Another consideration was an abundant supply of extremely cheap fuel, when accounting for inflation. This meant the cost of adopting new technology wasn’t outweighed by its usefulness to the fleet. The advantages just weren’t there… yet.

Today, those days are quite literally a thing of the past. The unstoppable consumer-side tech onslaught that began in the late-1970s has finally enveloped trucking. Welcome to the future.

Embracing the Tech Age

Now we live in a time where everything is wired together, there is a sensor for everything, and communication is instant and constant. From advanced fuel systems to new battery technologies, there are more systems to compete with by the day.

Whether it be through regulatory or industry pressures, new technology seems to be pushed onto fleets the moment it becomes available. Add this to an internet-fueled global mega-economy and you’ve got a recipe for constant change. Can fleets become ever leaner, faster, and more efficient all at the same time?

A multitude of new technologies and manufacturing methods are changing life as we know it. In the age of connected fleets and autonomous trucks, how will the industry look in ten years?

Agents of Change

There are several pieces to the change puzzle. Renowned thinkers and futurists are fast on trying to figure out how the nation’s transportation infrastructure will look within the next 25 to 50 years. The logistics landscape fits squarely within that picture.

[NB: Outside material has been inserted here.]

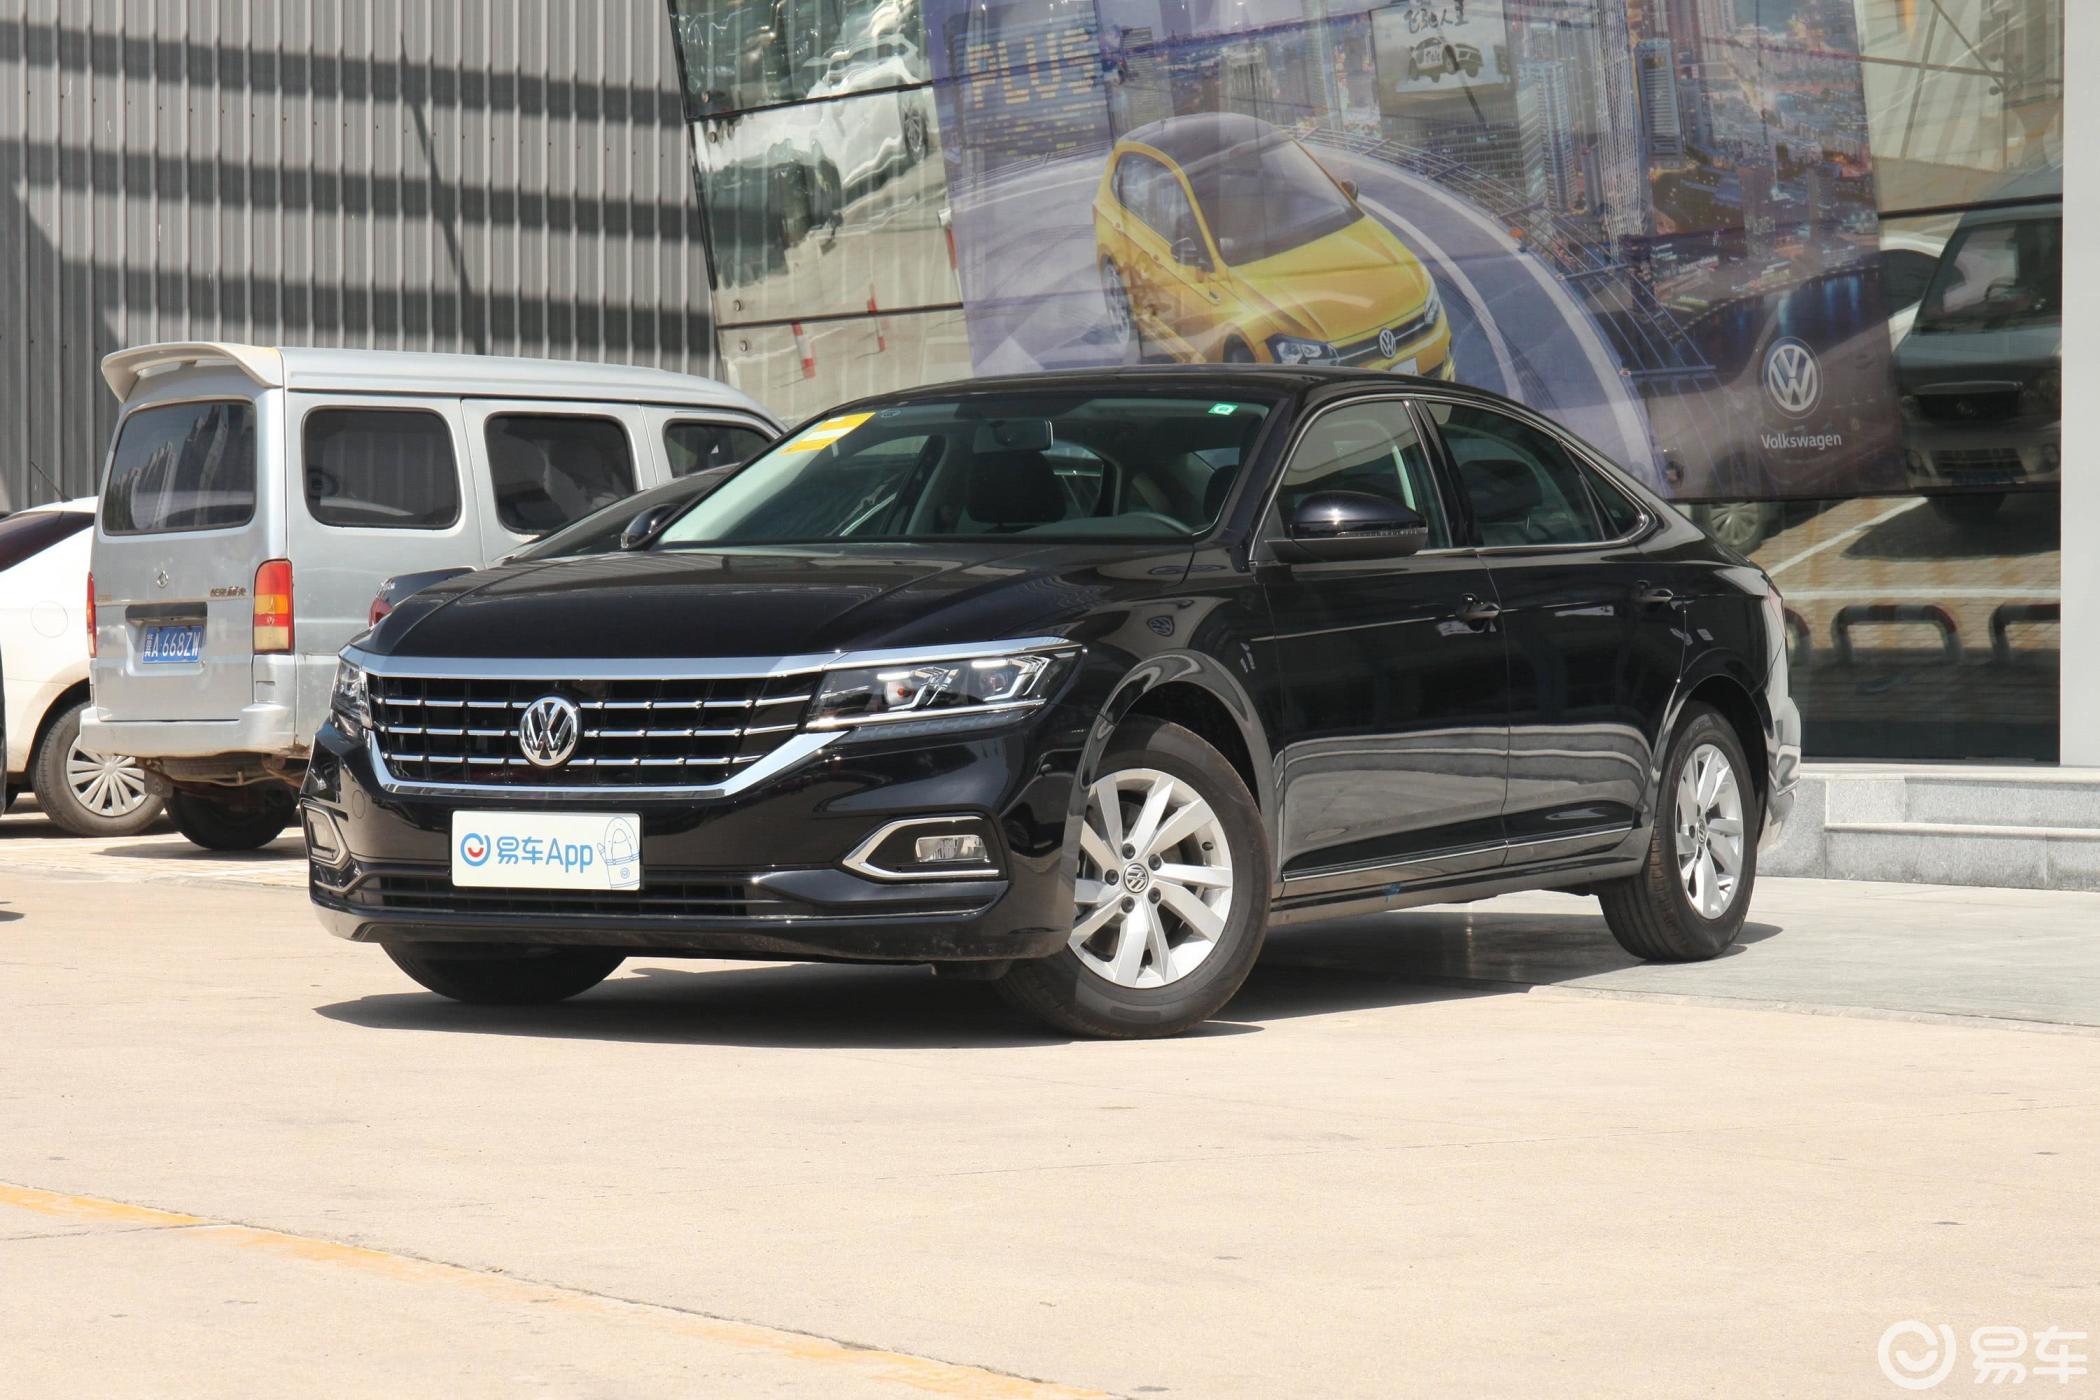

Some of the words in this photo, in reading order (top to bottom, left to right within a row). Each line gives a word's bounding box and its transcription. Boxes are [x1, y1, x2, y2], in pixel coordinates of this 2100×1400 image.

[967, 27, 1095, 109] PLUS
[1761, 433, 1842, 450] Volkswagen
[496, 836, 593, 874] 易车App
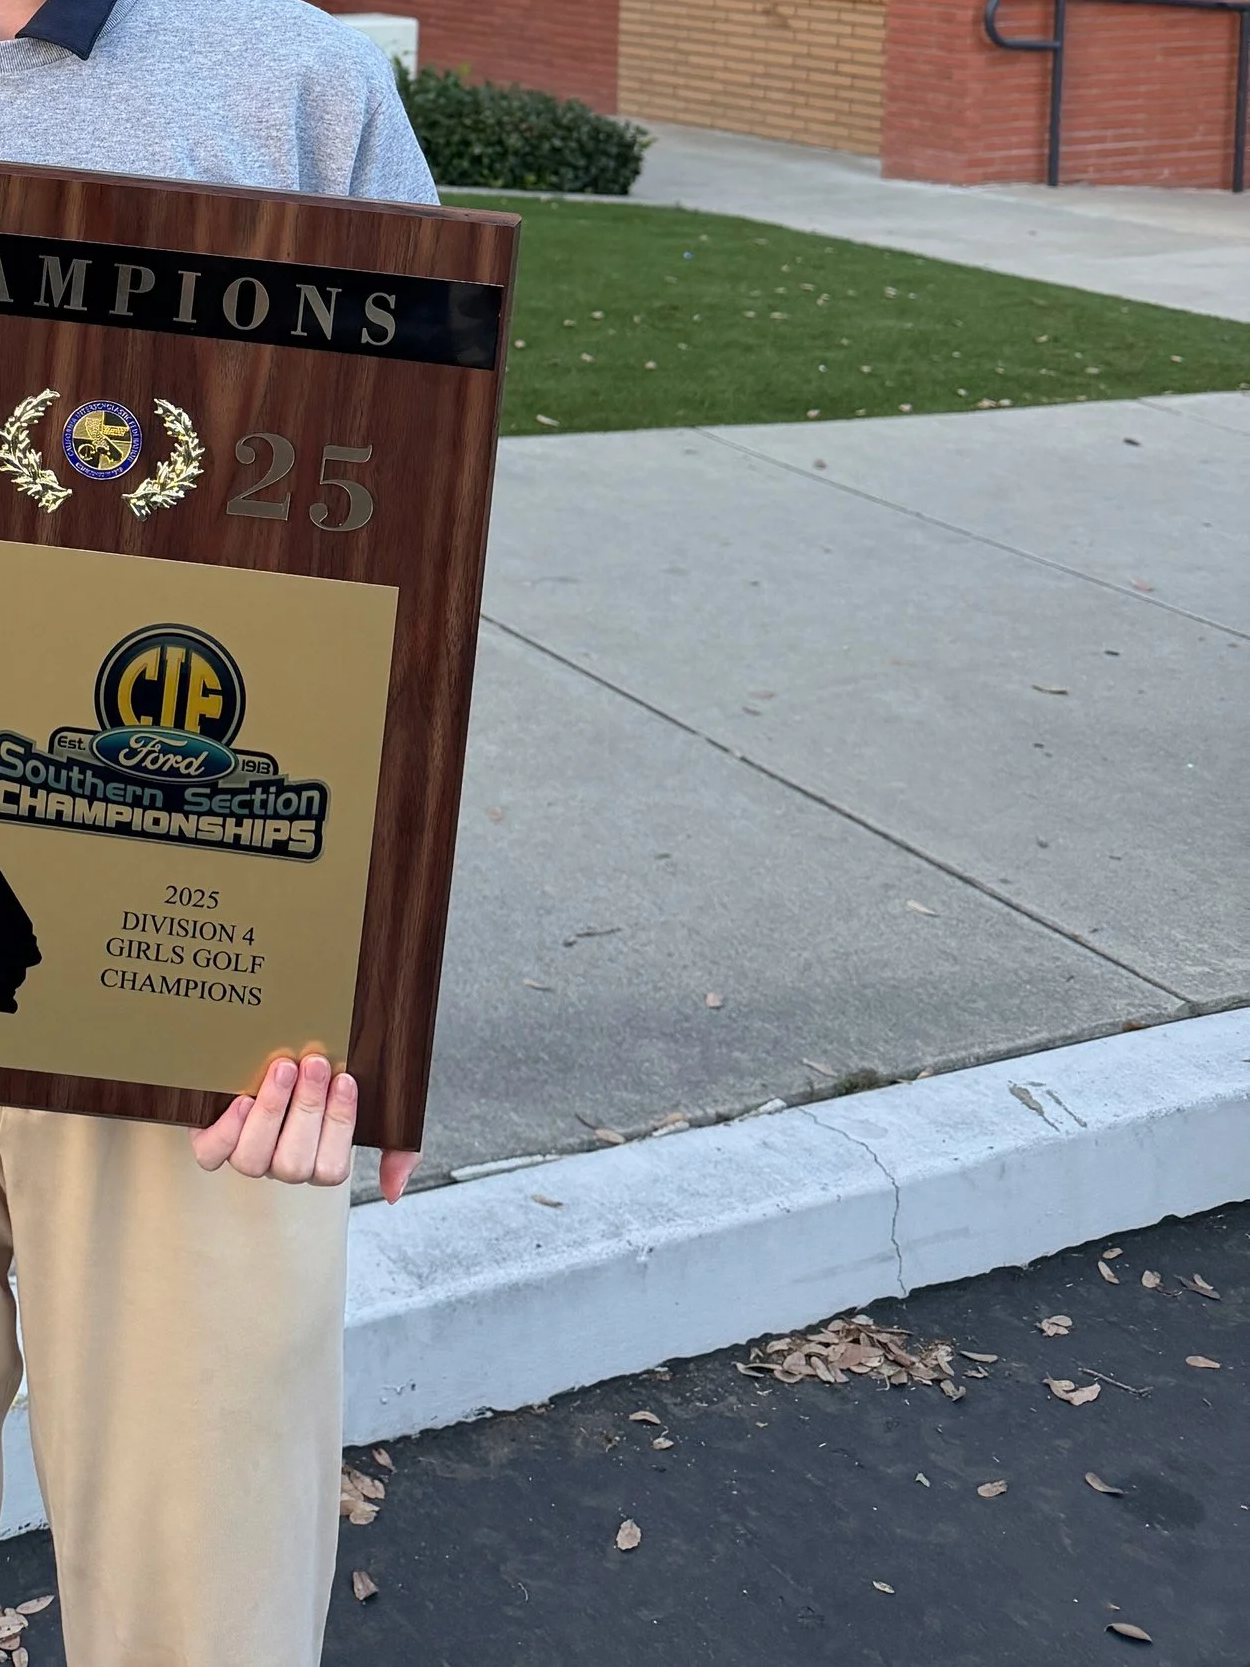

Here are just a few examples of technological advances that will impact the future of trucking:

  • Wearables: Right now we are talking about Fitbit wrist monitors and smart watches. Tomorrow we may be seeing “smart” contact lenses. Imagine wearing a lens that presents data to you within your regular line of vision. A heads-up display beaming information onto the windshield could be replaced by a contact lens in your eye.
  • 3D printers: The sharing economy is revolutionizing manufacturing, and 3D printers are at the forefront of that revolution. Imagine a machine that can scan your body and “print” your clothes. Might we soon see the day where fleets can 3D print vehicle components? How would that affect the parts supply chain? As of right now, these are unanswered questions.
  • Semi-autonomous trucks: The idea of an autonomous truck strikes fear into the heart of many a truck driver. But worry not, it appears your job is safe. Connected fleets, semi-autonomous trucks and smart highways could yield huge results in the area of safety and efficiency.
  • Changing freight: As 3D printers begin bearing more of the manufacturing burden, fleets will move closer towards hauling more raw materials than finished goods. Furthermore, as more countries emerge from second-world status, the U.S. will be a major food exporter, which will surely be a boon to U.S. trucking interests and those operating within the global supply chain.
  • Advanced accessories: Imagine a future where cab seats double as medical monitoring devices. If a driver begins falling asleep, or has an elevated pulse, that information can be transmitted and acted upon immediately. We may even see the day when fleets can take over the truck in the case of an emergency.

These are just a few examples of how we may see trucking changed forever by the endless march of the technological revolution. The fact remains, goods will need to be hauled, no matter the situation.

There is a place in the world for those hauling them, whether the trucks are on the road or flying through the air. Might that one day be the future of trucking?